Sicuramente un grande pregio del film è quello di riportare a galla il tema dei centri di conversione, incredibilmente ancora attivi in molte zone degli Stati Uniti (ma anche in altri paesi, purtroppo), riflettendo su quanto questi veri e propri internamenti forzati possano influire sulla vita di ragazzi già provati da un ambiente familiare spesso ostile, ma ancora più spesso orlato di buone intenzioni.

Un film pulito, senza grandi sbavature, ma che scivola via senza riuscire a emozionare troppo e che purtroppo rischia di essere subito dimenticato. Un peccato se si considera il tema che affronta e la storia (vera) che racconta, una storia che avrebbe meritato forse una messa in scena più cruda in alcuni frangenti, soprattutto nell'esplorazione della psicologia del suo protagonista.
Resta comunque da incorniciare la prova dell'intero cast e soprattutto quella di una sempre magistrale Nicole Kidman, vero valore aggiunto della pellicola.

sabato 9 marzo 2019

Capitan Marvel - la recensione

E finalmente è arrivato.
Dopo una scia di polemiche inutili, boicottaggi stupidi e aspettative alle stelle, finalmente la prima eroina del Marvel Cinematic Universe arriva in sala a preparare la strada per l'evento Endgame, atteso dai fan come nient'altro prima d'ora.
A vestirei panni di Carol Denvers c'è il premio oscar Brie Larson, anche lei accompagnata da mugugni e polemiche. Fortunatamente una volta seduti al cinema e spente le luci, ci pensa la Marvel a ricordarci ancora una volta chi comanda.


Non siamo di fronte al classico film di origini, infatti in questo caso veniamo catapultati in media res e la nostra eroina ha già i suoi poteri ed è già in grado di usarli. Il suo passato ci viene svelato pian piano nel corso della pellicola con flashback che vanno a ricostruire la sua storia prima e dopo l'incidente che l'ha resa com'è, e in modo atipico è lo spettatore a sapere qualcosa in più su di lei di quanto non ne sappia Carol stessa.
Brie Larson fuga ogni dubbio e riesce ad avere la presenza scenica e il carisma necessari a incarnare un personaggio del genere e le sue interazioni con Samuel L Jackson (sempre più straordinaria la tecnica del ringiovanimento digitale) sono perfette e molto divertenti, rendendo il film quasi un buddy movie. 
Ottima anche la trama che è meno scontata e prevedibile di quando potesse sembrare all'inizio e riserva colpi di scena non indifferenti, riuscendo nel contempo a preparare il terreno per Avengers Endgame disseminando indizi e riferimenti che di sicuro faranno impazzare le teorie più disparate.

Inutile ribadire di rimanere fino alla fine dei titoli di coda.
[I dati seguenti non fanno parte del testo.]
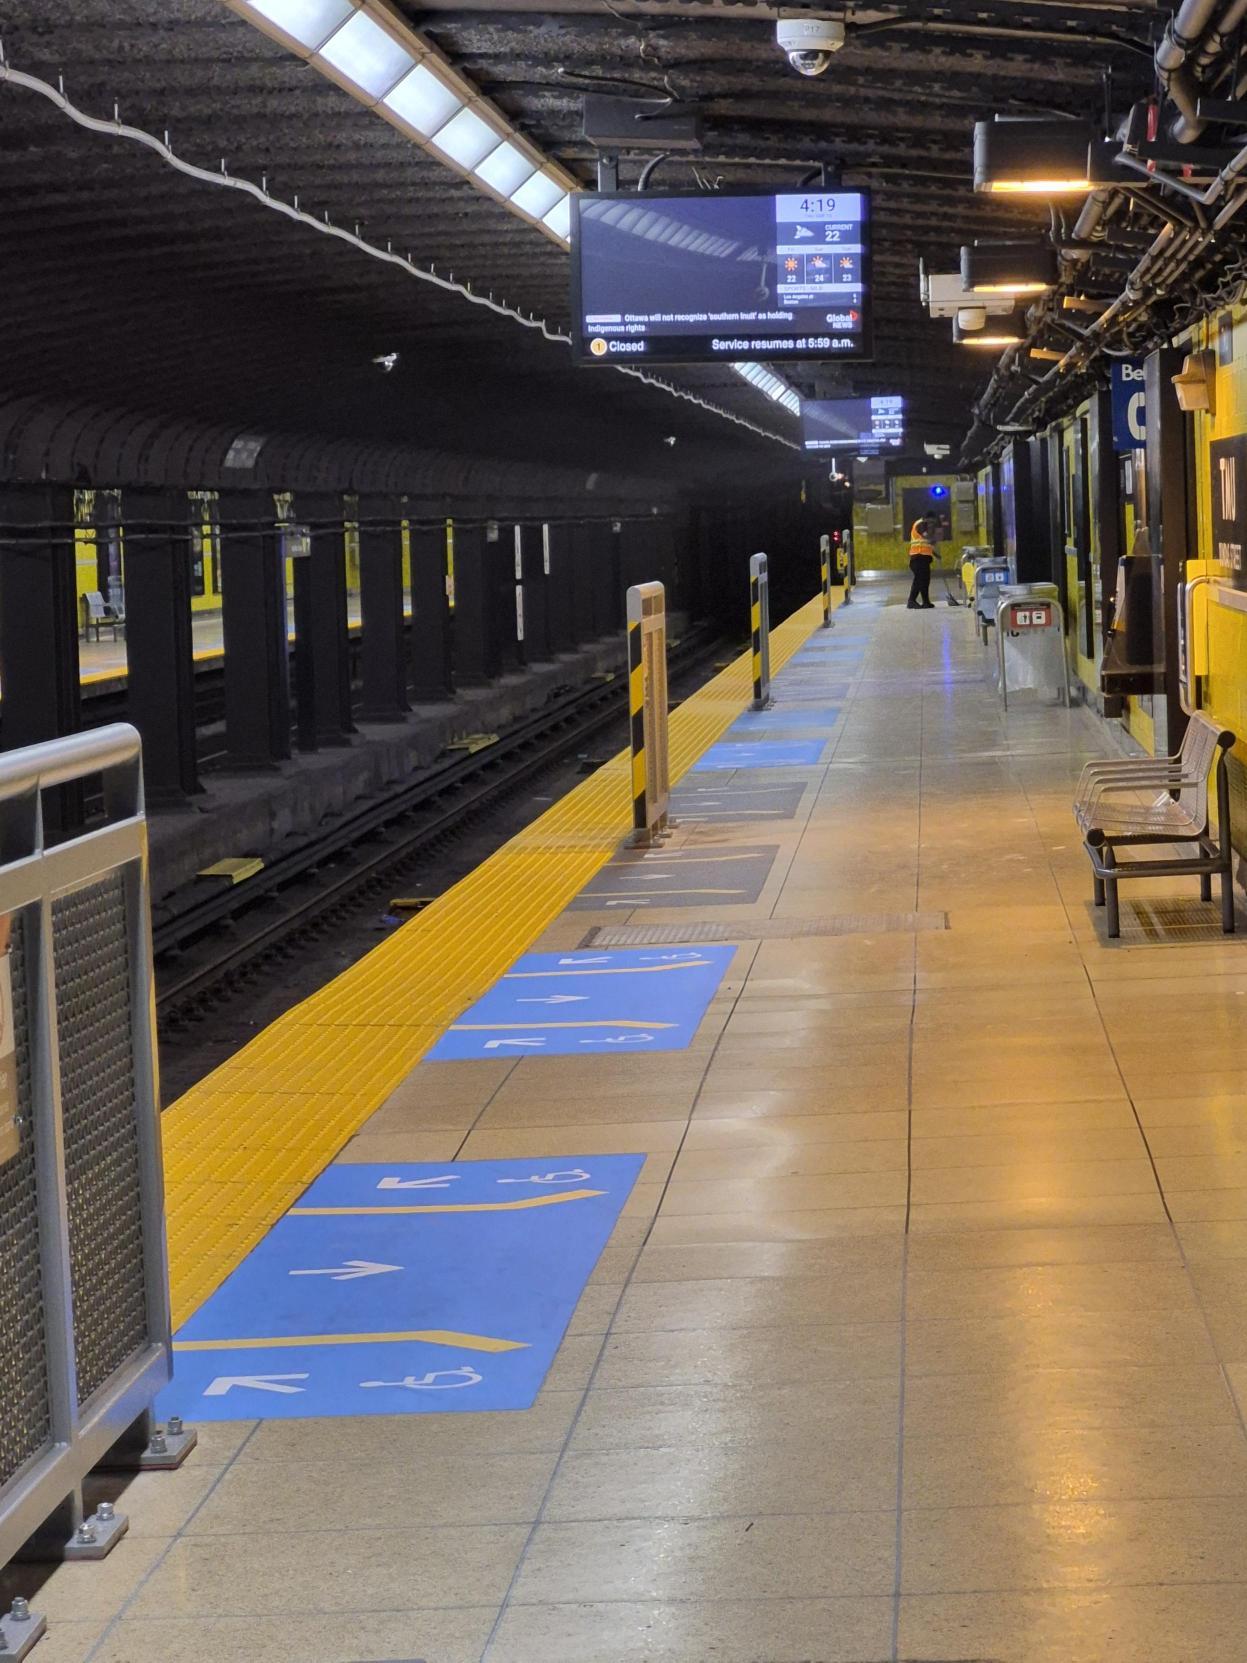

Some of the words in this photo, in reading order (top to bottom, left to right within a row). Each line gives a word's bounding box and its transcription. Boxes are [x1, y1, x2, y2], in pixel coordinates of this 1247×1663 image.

Un ultima parola, infine, sull'omaggio a Stan Lee, oltre al solito cammeo, toccante, seppur breve, e sentito, sarà difficile trattenere il magone.


Nulla da dire se non che ormai i film dei Marvel Studios sono una sicurezza nel campo del cinema di intrattenimento, assicurando al pubblico effetti visivi di altissimo livello, battute irriverenti, azione e una strettissima continuity, aggiungendo a questo giro anche un personaggio femminile protagonista e di tutto rispetto. 
Manca poco più di un mese ad Avengers Endgame e non vediamo l'ora, e stavolta ci sarà anche Capitan Marvel.